Directions: The full data must be written out exactly, with every line included.

Data provided:
______

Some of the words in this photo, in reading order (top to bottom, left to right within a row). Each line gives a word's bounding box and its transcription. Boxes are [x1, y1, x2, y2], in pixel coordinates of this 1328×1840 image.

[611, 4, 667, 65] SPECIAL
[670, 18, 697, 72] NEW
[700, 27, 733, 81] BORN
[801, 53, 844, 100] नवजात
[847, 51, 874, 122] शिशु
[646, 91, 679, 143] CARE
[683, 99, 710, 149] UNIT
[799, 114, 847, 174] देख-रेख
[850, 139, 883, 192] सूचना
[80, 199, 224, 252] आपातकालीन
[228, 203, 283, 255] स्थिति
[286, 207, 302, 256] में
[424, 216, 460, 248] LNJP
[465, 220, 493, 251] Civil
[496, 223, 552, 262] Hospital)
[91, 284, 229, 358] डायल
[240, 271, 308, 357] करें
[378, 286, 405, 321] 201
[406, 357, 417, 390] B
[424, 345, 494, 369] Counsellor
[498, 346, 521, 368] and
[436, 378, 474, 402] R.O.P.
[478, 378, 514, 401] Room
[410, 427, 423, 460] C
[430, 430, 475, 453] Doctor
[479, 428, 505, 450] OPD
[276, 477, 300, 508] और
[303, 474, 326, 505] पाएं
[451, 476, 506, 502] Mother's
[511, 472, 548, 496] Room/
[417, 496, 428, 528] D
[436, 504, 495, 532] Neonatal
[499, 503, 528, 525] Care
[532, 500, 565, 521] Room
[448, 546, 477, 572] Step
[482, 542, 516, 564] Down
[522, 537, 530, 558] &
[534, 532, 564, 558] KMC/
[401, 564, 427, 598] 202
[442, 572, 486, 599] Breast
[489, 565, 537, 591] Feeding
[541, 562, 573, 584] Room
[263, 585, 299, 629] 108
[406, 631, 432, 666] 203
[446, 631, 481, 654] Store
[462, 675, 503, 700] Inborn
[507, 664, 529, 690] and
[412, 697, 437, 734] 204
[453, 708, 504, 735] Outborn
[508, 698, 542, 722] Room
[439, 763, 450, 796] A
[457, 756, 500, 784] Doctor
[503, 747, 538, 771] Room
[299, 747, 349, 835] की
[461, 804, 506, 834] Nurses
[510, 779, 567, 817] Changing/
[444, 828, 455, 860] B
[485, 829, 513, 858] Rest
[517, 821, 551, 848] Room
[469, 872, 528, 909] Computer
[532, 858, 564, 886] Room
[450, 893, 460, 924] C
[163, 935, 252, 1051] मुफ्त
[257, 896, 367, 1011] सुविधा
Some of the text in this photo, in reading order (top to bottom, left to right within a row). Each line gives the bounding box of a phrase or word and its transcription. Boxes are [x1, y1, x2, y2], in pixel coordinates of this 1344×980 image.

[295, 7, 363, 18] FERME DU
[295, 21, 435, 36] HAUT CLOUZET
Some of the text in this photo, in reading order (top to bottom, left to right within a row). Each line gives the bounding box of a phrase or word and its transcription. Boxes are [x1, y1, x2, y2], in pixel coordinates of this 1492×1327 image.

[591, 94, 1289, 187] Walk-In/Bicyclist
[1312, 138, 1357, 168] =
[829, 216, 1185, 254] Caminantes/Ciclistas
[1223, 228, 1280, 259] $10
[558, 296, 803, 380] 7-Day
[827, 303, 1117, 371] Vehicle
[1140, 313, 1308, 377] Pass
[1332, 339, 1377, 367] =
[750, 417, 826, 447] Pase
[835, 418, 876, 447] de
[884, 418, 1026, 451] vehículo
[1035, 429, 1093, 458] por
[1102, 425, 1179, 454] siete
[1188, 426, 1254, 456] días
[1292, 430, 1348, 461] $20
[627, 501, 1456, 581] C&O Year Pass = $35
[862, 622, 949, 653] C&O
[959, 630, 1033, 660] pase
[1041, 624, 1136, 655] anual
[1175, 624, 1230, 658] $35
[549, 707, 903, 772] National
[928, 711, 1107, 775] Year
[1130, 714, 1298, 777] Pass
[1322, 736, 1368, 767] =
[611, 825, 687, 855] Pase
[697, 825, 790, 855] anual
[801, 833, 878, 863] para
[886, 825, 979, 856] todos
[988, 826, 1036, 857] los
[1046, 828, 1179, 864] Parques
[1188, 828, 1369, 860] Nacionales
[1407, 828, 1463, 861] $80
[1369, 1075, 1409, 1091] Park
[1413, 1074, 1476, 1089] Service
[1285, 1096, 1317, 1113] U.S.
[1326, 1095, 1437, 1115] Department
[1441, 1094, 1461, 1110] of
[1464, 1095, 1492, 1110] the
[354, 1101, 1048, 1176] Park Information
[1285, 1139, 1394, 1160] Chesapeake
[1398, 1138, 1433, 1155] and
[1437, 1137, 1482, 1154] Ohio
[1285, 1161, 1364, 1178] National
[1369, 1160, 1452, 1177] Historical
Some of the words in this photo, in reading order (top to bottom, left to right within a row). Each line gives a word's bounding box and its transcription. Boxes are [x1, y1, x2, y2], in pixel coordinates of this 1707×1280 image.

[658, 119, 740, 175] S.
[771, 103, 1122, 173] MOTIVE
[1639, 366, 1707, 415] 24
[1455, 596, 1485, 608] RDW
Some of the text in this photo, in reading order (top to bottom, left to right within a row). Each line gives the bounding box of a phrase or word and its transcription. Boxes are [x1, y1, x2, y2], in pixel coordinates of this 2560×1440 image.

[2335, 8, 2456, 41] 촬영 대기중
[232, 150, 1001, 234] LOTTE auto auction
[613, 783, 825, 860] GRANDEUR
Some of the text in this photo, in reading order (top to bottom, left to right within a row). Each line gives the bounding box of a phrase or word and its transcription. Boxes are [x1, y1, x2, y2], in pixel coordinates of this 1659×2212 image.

______

Task response:
Some of the words in this photo, in reading order (top to bottom, left to right within a row). Each line gives a word's bounding box and its transcription. Boxes are [x1, y1, x2, y2], in pixel coordinates of this 1328×1840 image.

[611, 4, 667, 65] SPECIAL
[670, 18, 697, 72] NEW
[700, 27, 733, 81] BORN
[801, 53, 844, 100] नवजात
[847, 51, 874, 122] शिशु
[646, 91, 679, 143] CARE
[683, 99, 710, 149] UNIT
[799, 114, 847, 174] देख-रेख
[850, 139, 883, 192] सूचना
[80, 199, 224, 252] आपातकालीन
[228, 203, 283, 255] स्थिति
[286, 207, 302, 256] में
[424, 216, 460, 248] LNJP
[465, 220, 493, 251] Civil
[496, 223, 552, 262] Hospital)
[91, 284, 229, 358] डायल
[240, 271, 308, 357] करें
[378, 286, 405, 321] 201
[406, 357, 417, 390] B
[424, 345, 494, 369] Counsellor
[498, 346, 521, 368] and
[436, 378, 474, 402] R.O.P.
[478, 378, 514, 401] Room
[410, 427, 423, 460] C
[430, 430, 475, 453] Doctor
[479, 428, 505, 450] OPD
[276, 477, 300, 508] और
[303, 474, 326, 505] पाएं
[451, 476, 506, 502] Mother's
[511, 472, 548, 496] Room/
[417, 496, 428, 528] D
[436, 504, 495, 532] Neonatal
[499, 503, 528, 525] Care
[532, 500, 565, 521] Room
[448, 546, 477, 572] Step
[482, 542, 516, 564] Down
[522, 537, 530, 558] &
[534, 532, 564, 558] KMC/
[401, 564, 427, 598] 202
[442, 572, 486, 599] Breast
[489, 565, 537, 591] Feeding
[541, 562, 573, 584] Room
[263, 585, 299, 629] 108
[406, 631, 432, 666] 203
[446, 631, 481, 654] Store
[462, 675, 503, 700] Inborn
[507, 664, 529, 690] and
[412, 697, 437, 734] 204
[453, 708, 504, 735] Outborn
[508, 698, 542, 722] Room
[439, 763, 450, 796] A
[457, 756, 500, 784] Doctor
[503, 747, 538, 771] Room
[299, 747, 349, 835] की
[461, 804, 506, 834] Nurses
[510, 779, 567, 817] Changing/
[444, 828, 455, 860] B
[485, 829, 513, 858] Rest
[517, 821, 551, 848] Room
[469, 872, 528, 909] Computer
[532, 858, 564, 886] Room
[450, 893, 460, 924] C
[163, 935, 252, 1051] मुफ्त
[257, 896, 367, 1011] सुविधा
Some of the text in this photo, in reading order (top to bottom, left to right within a row). Each line gives the bounding box of a phrase or word and its transcription. Boxes are [x1, y1, x2, y2], in pixel coordinates of this 1344×980 image.

[295, 7, 363, 18] FERME DU
[295, 21, 435, 36] HAUT CLOUZET
Some of the text in this photo, in reading order (top to bottom, left to right within a row). Each line gives the bounding box of a phrase or word and its transcription. Boxes are [x1, y1, x2, y2], in pixel coordinates of this 1492×1327 image.

[591, 94, 1289, 187] Walk-In/Bicyclist
[1312, 138, 1357, 168] =
[829, 216, 1185, 254] Caminantes/Ciclistas
[1223, 228, 1280, 259] $10
[558, 296, 803, 380] 7-Day
[827, 303, 1117, 371] Vehicle
[1140, 313, 1308, 377] Pass
[1332, 339, 1377, 367] =
[750, 417, 826, 447] Pase
[835, 418, 876, 447] de
[884, 418, 1026, 451] vehículo
[1035, 429, 1093, 458] por
[1102, 425, 1179, 454] siete
[1188, 426, 1254, 456] días
[1292, 430, 1348, 461] $20
[627, 501, 1456, 581] C&O Year Pass = $35
[862, 622, 949, 653] C&O
[959, 630, 1033, 660] pase
[1041, 624, 1136, 655] anual
[1175, 624, 1230, 658] $35
[549, 707, 903, 772] National
[928, 711, 1107, 775] Year
[1130, 714, 1298, 777] Pass
[1322, 736, 1368, 767] =
[611, 825, 687, 855] Pase
[697, 825, 790, 855] anual
[801, 833, 878, 863] para
[886, 825, 979, 856] todos
[988, 826, 1036, 857] los
[1046, 828, 1179, 864] Parques
[1188, 828, 1369, 860] Nacionales
[1407, 828, 1463, 861] $80
[1369, 1075, 1409, 1091] Park
[1413, 1074, 1476, 1089] Service
[1285, 1096, 1317, 1113] U.S.
[1326, 1095, 1437, 1115] Department
[1441, 1094, 1461, 1110] of
[1464, 1095, 1492, 1110] the
[354, 1101, 1048, 1176] Park Information
[1285, 1139, 1394, 1160] Chesapeake
[1398, 1138, 1433, 1155] and
[1437, 1137, 1482, 1154] Ohio
[1285, 1161, 1364, 1178] National
[1369, 1160, 1452, 1177] Historical
Some of the words in this photo, in reading order (top to bottom, left to right within a row). Each line gives a word's bounding box and its transcription. Boxes are [x1, y1, x2, y2], in pixel coordinates of this 1707×1280 image.

[658, 119, 740, 175] S.
[771, 103, 1122, 173] MOTIVE
[1639, 366, 1707, 415] 24
[1455, 596, 1485, 608] RDW
Some of the text in this photo, in reading order (top to bottom, left to right within a row). Each line gives the bounding box of a phrase or word and its transcription. Boxes are [x1, y1, x2, y2], in pixel coordinates of this 2560×1440 image.

[2335, 8, 2456, 41] 촬영 대기중
[232, 150, 1001, 234] LOTTE auto auction
[613, 783, 825, 860] GRANDEUR
Some of the text in this photo, in reading order (top to bottom, left to right within a row). Each line gives the bounding box of a phrase or word and its transcription. Boxes are [x1, y1, x2, y2], in pixel coordinates of this 1659×2212 image.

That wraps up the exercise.